Battle of Endagabatan
| Date | 1563 |
| Location | Endagabatan, Ethiopia (north west of Fatagar) |
| Result | Ethiopian Imperial victory Revolt suppressed; Hamalmal reconciles with Emperor Sarsa Dengel; |

Belligerents
- Ethiopian Empire Islamic state of Wej: Rebels

Commanders and leaders
- Dejazmach Taklo Garad Asmadin: Dejazmach Hamalmal

Strength
- Unknown Abyssinan Imperial troops 800 Wej Cavalry: 500 Cavalry, and unknown foot soldiers

Casualties and losses
- Unknown: Unknown

= Battle of Endagabatan =

The Battle of Endagabatan was fought in the year 1563 between the forces of the Ethiopian Empire led by Dejazmach Taklo, and rebels under Dejazmach Hamalmal.

==Battle==
Hamalmal led a revolt against his cousin, the Emperor of Ethiopia Sarsa Dengel. Hamalmal barricaded his forces at Endagabatan in preparation for an offensive.

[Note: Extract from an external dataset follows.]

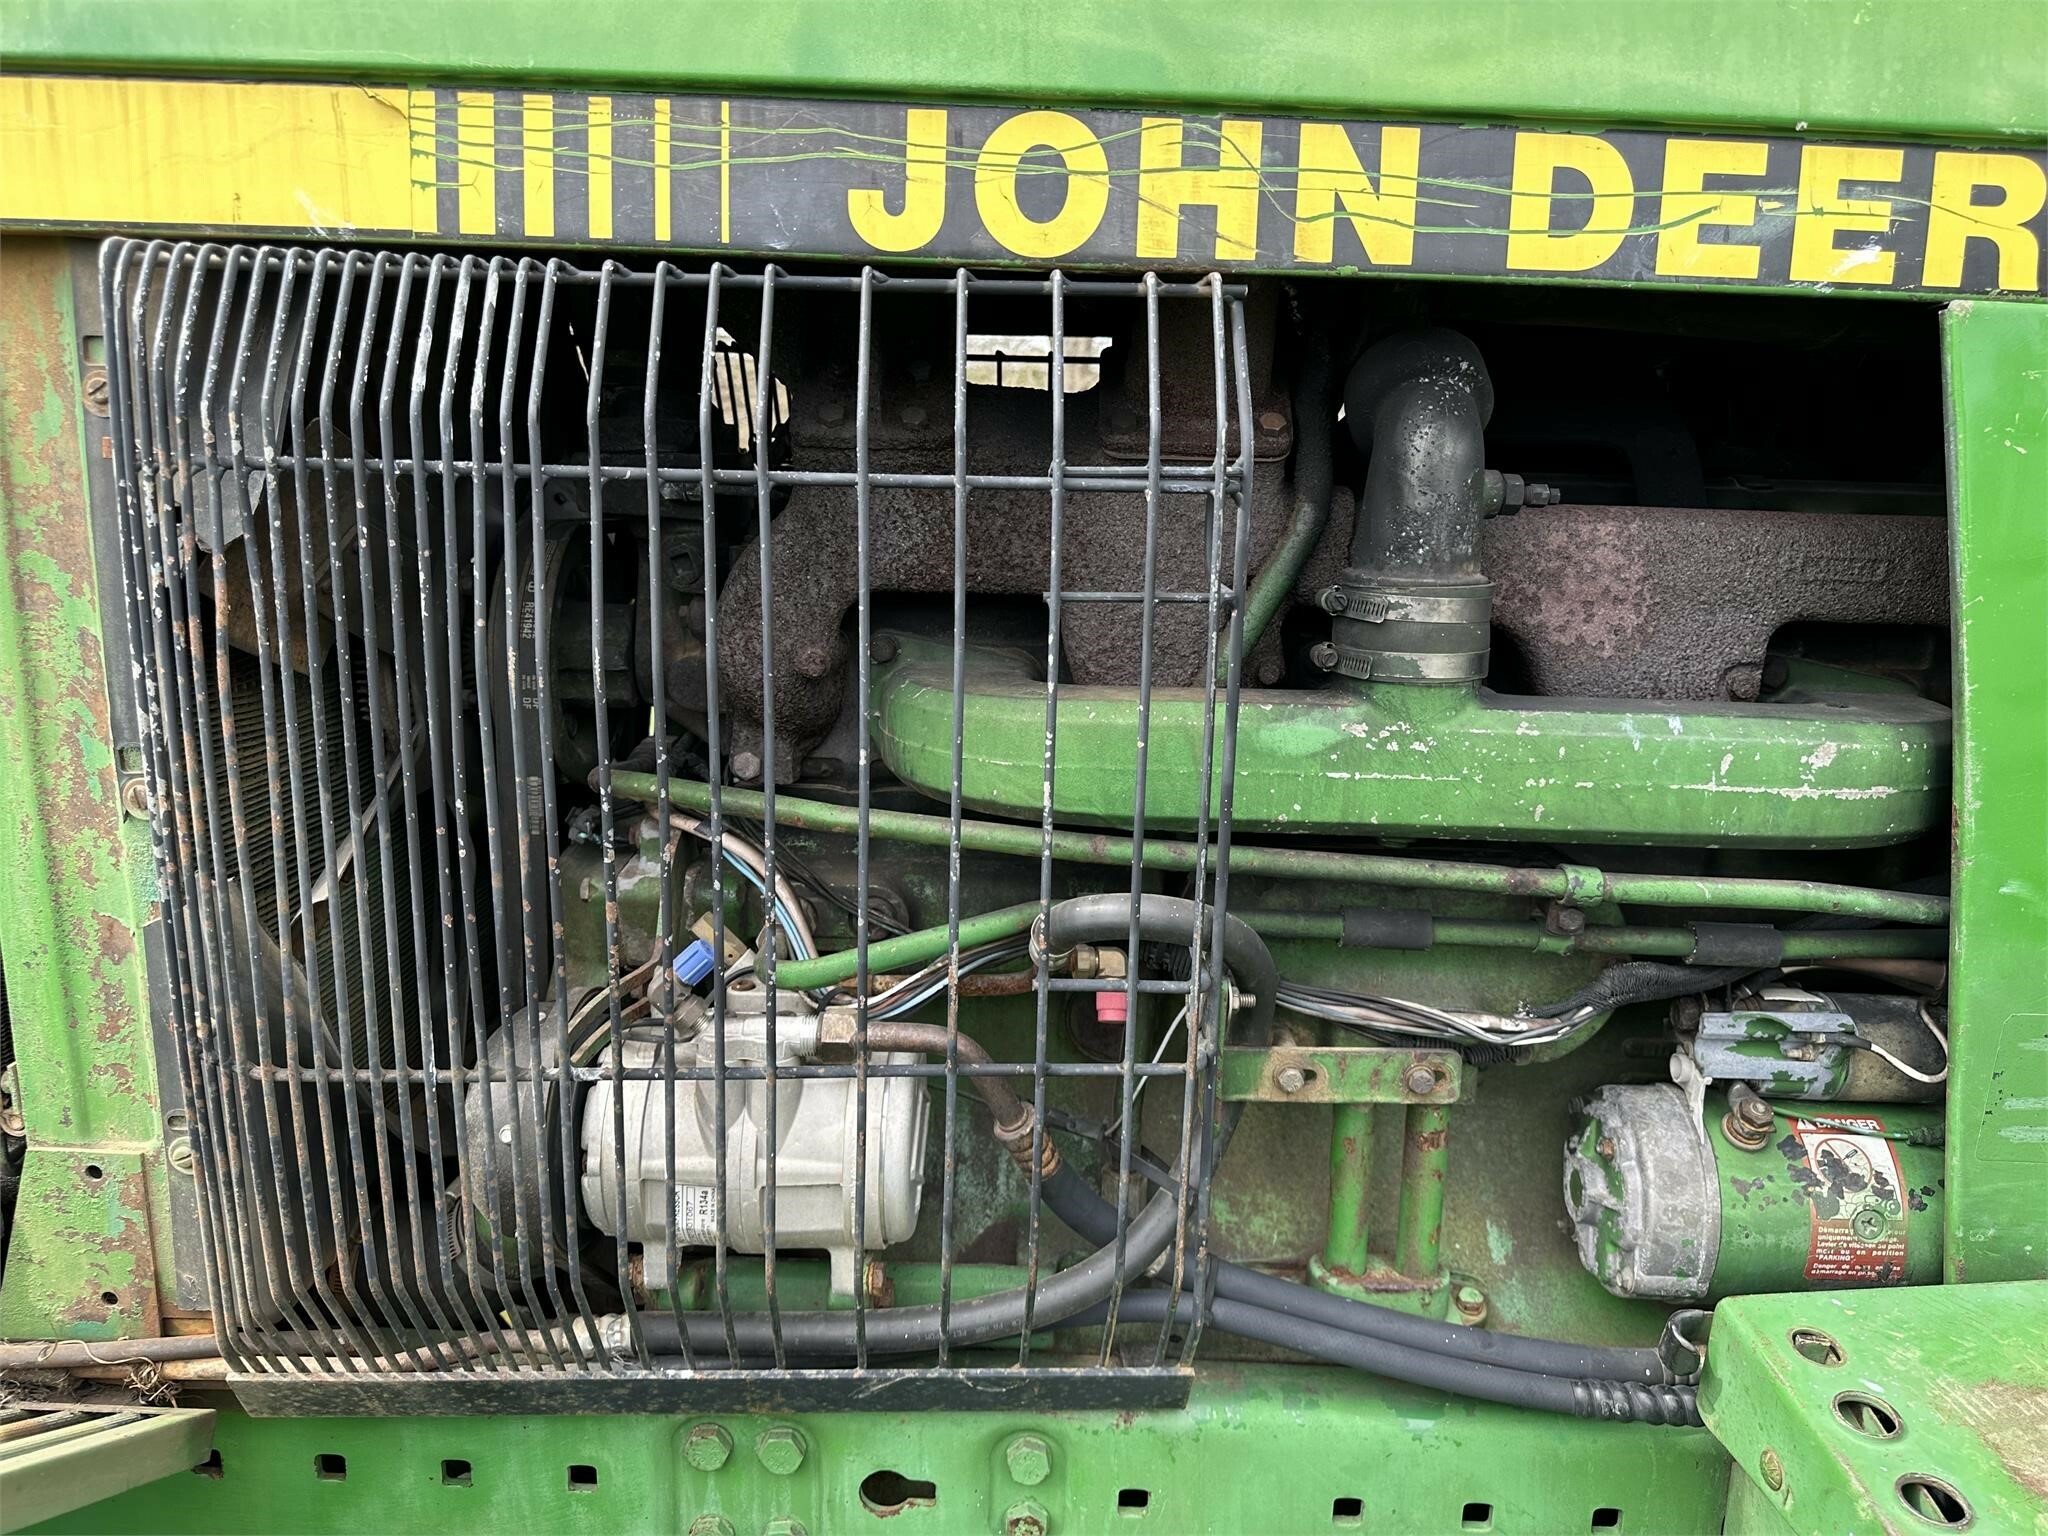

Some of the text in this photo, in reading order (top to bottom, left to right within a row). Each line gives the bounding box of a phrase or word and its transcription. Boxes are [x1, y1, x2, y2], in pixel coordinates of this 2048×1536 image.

Largely outnumbered by Hamalmal's rebels, the Emperor's able general Taklo successfully received assistance from the Malassay Muslim Garad Asmadin of Wej. The revolt was suppressed after a series of victories by the imperial troops which led to Hamalmal requesting clemency from the Emperor.